▸ **Stored items**:
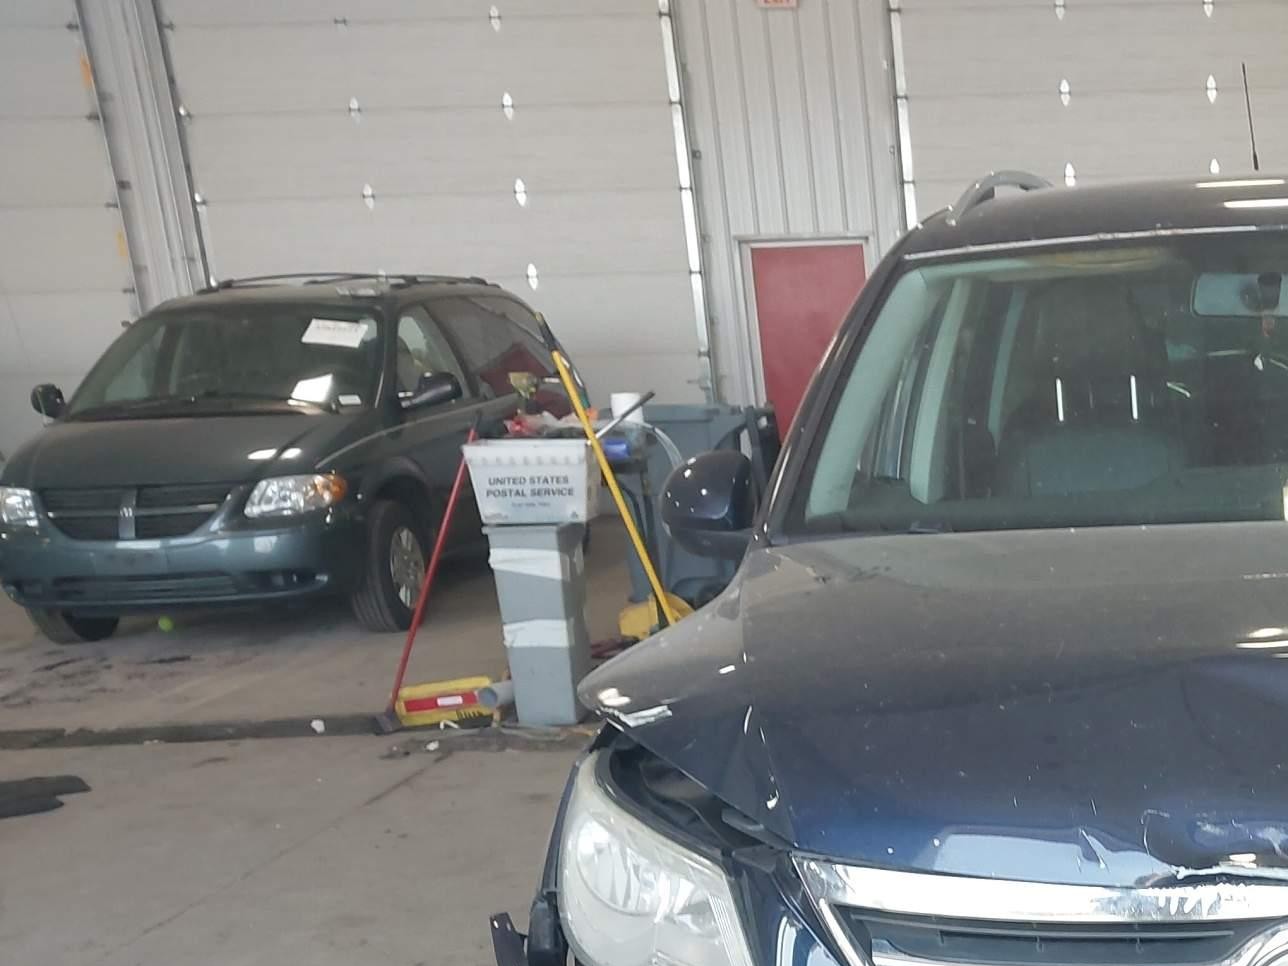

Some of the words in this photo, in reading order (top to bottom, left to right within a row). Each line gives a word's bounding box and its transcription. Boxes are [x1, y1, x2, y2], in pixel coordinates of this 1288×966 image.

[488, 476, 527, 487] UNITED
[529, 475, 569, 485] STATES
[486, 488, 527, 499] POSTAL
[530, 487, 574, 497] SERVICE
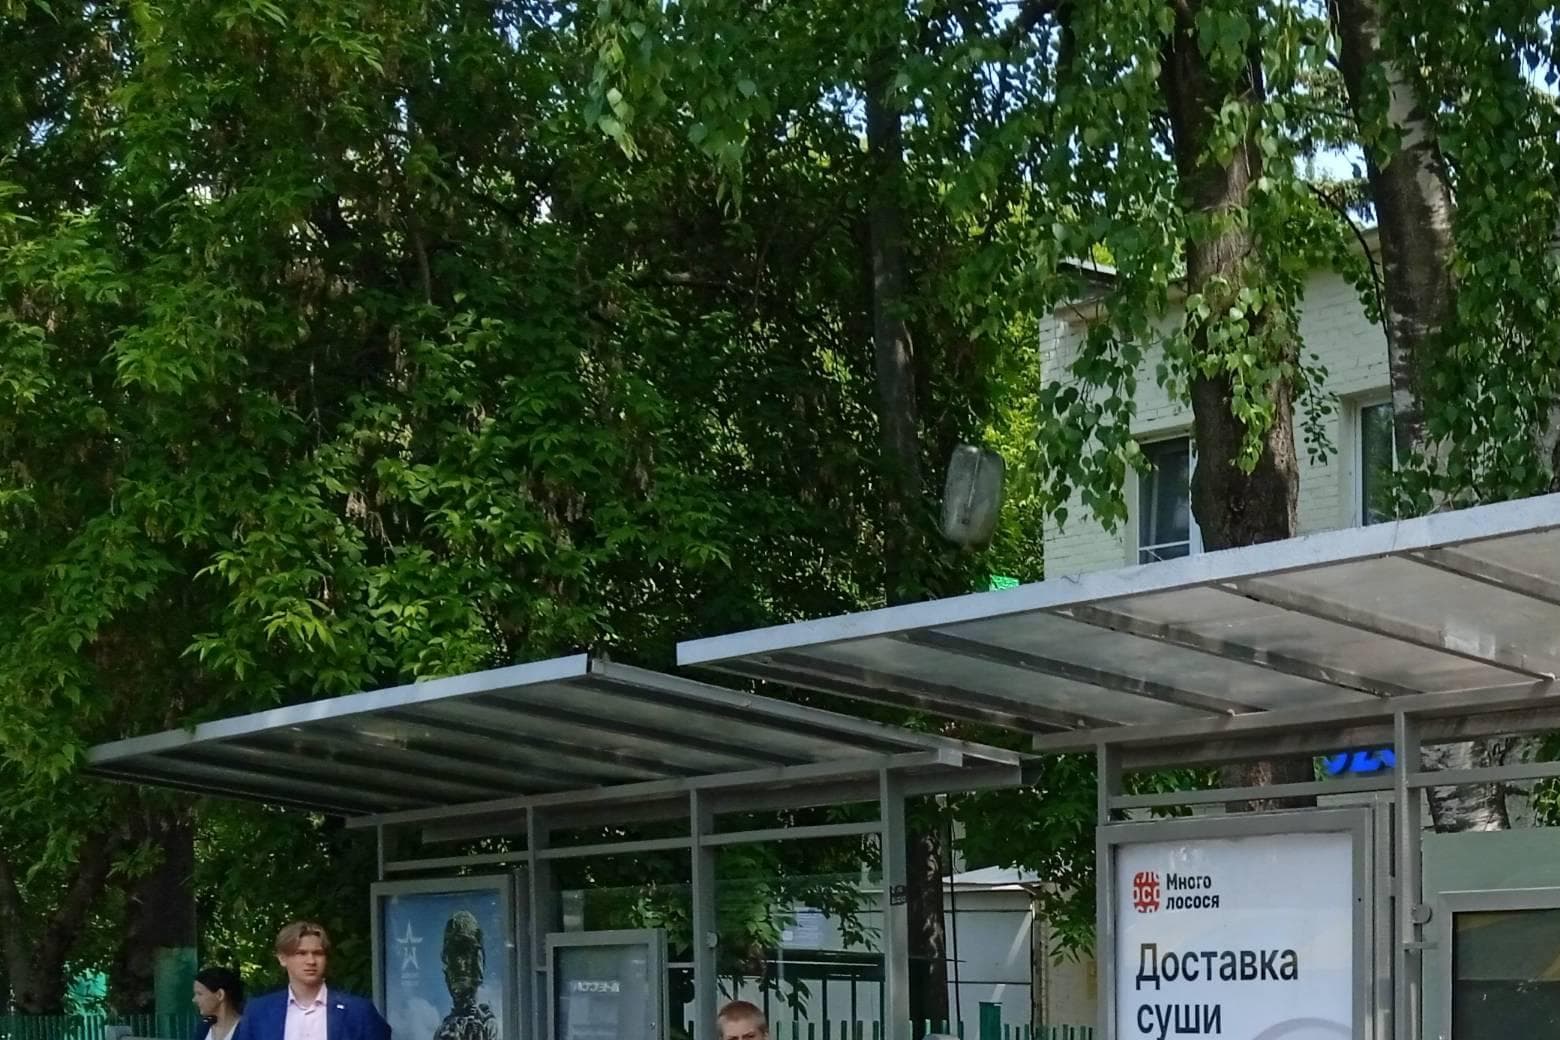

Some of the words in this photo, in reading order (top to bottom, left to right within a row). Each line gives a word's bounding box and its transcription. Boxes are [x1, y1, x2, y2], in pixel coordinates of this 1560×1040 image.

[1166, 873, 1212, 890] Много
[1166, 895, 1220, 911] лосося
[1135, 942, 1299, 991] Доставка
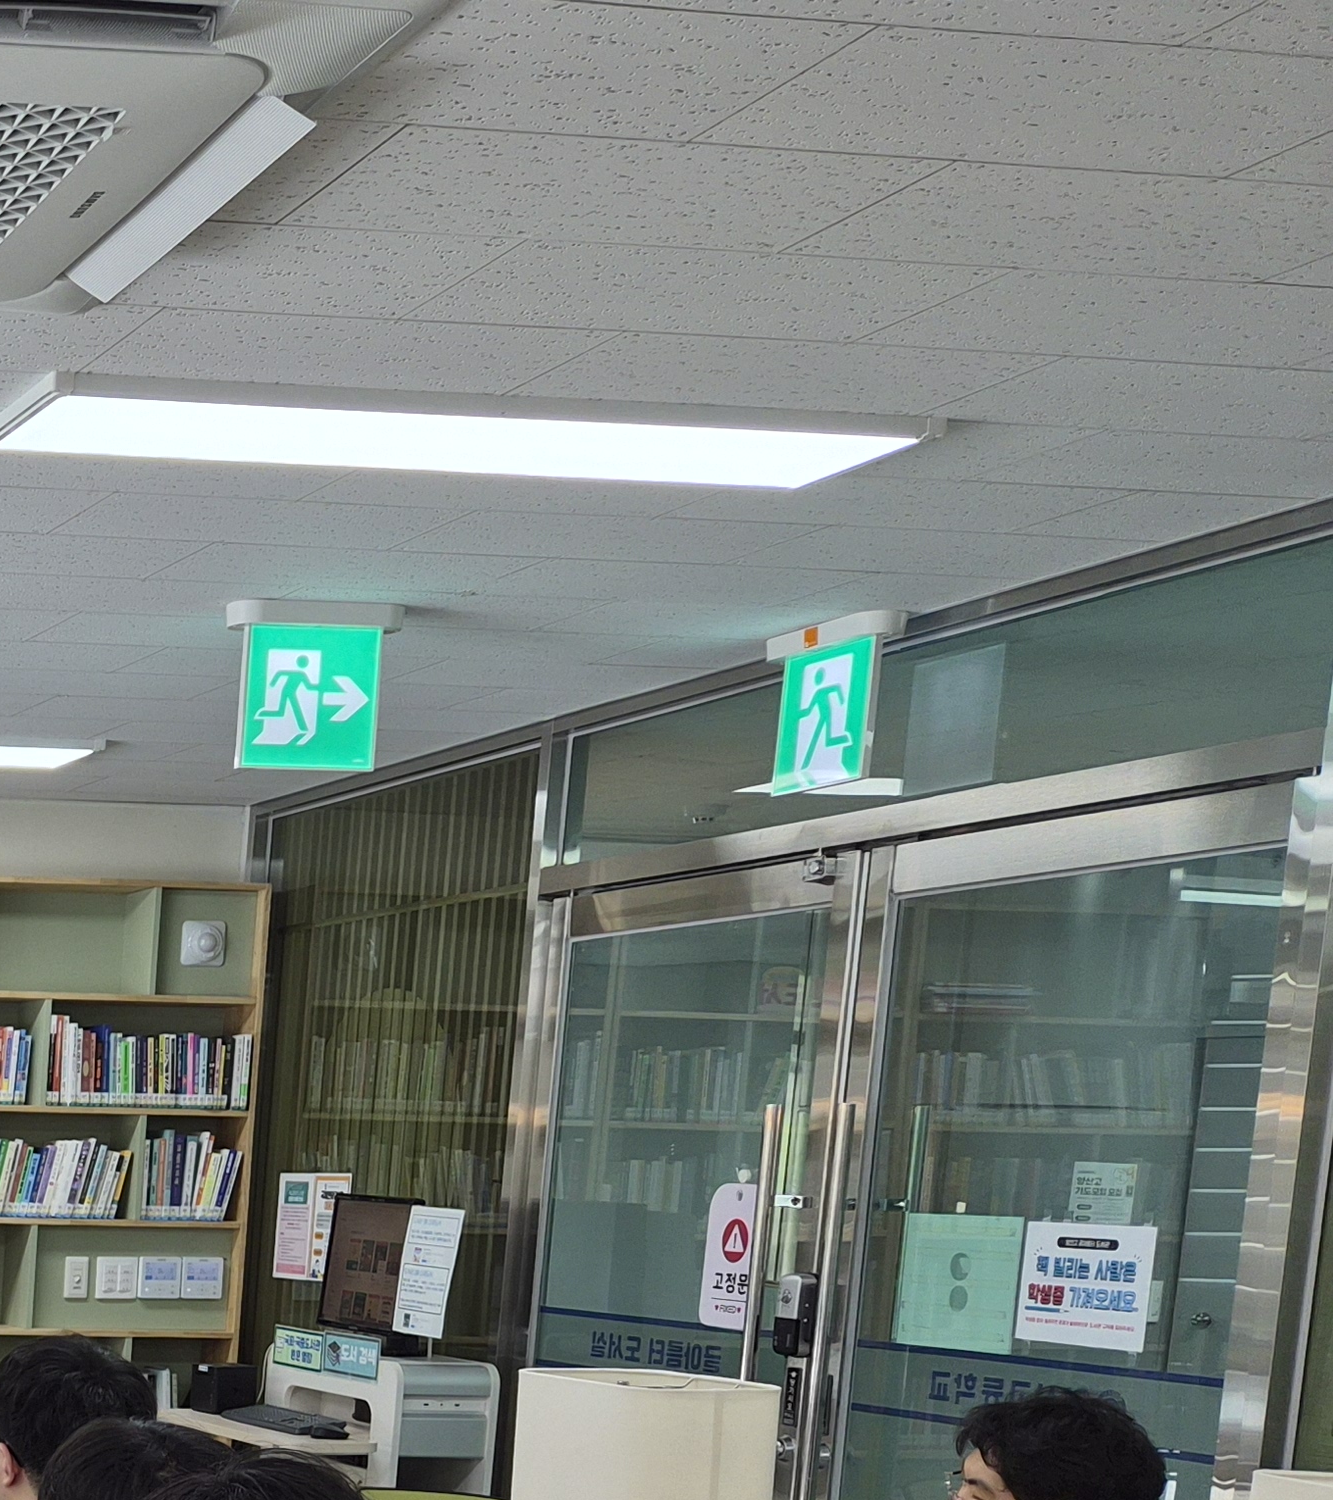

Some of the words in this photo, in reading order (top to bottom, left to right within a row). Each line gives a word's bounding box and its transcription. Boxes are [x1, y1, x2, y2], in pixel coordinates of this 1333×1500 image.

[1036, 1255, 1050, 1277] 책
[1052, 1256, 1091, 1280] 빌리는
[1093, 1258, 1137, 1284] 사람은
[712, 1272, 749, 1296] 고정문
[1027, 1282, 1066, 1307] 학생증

▸ **TASK TO CARRY OUT**: All of the data must be repeated exactly, except for the pictures.

▸ **SOLUTION TO THE PROBLEM**:
Some of the words in this photo, in reading order (top to bottom, left to right within a row). Each line gives a word's bounding box and its transcription. Boxes are [x1, y1, x2, y2], in pixel coordinates of this 1288×966 image.

[488, 476, 527, 487] UNITED
[529, 475, 569, 485] STATES
[486, 488, 527, 499] POSTAL
[530, 487, 574, 497] SERVICE

Some of the words in this photo, in reading order (top to bottom, left to right within a row). Each line gives a word's bounding box and its transcription. Boxes are [x1, y1, x2, y2], in pixel coordinates of this 1560×1040 image.

[1166, 873, 1212, 890] Много
[1166, 895, 1220, 911] лосося
[1135, 942, 1299, 991] Доставка

Some of the words in this photo, in reading order (top to bottom, left to right within a row). Each line gives a word's bounding box and its transcription. Boxes are [x1, y1, x2, y2], in pixel coordinates of this 1333×1500 image.

[1036, 1255, 1050, 1277] 책
[1052, 1256, 1091, 1280] 빌리는
[1093, 1258, 1137, 1284] 사람은
[712, 1272, 749, 1296] 고정문
[1027, 1282, 1066, 1307] 학생증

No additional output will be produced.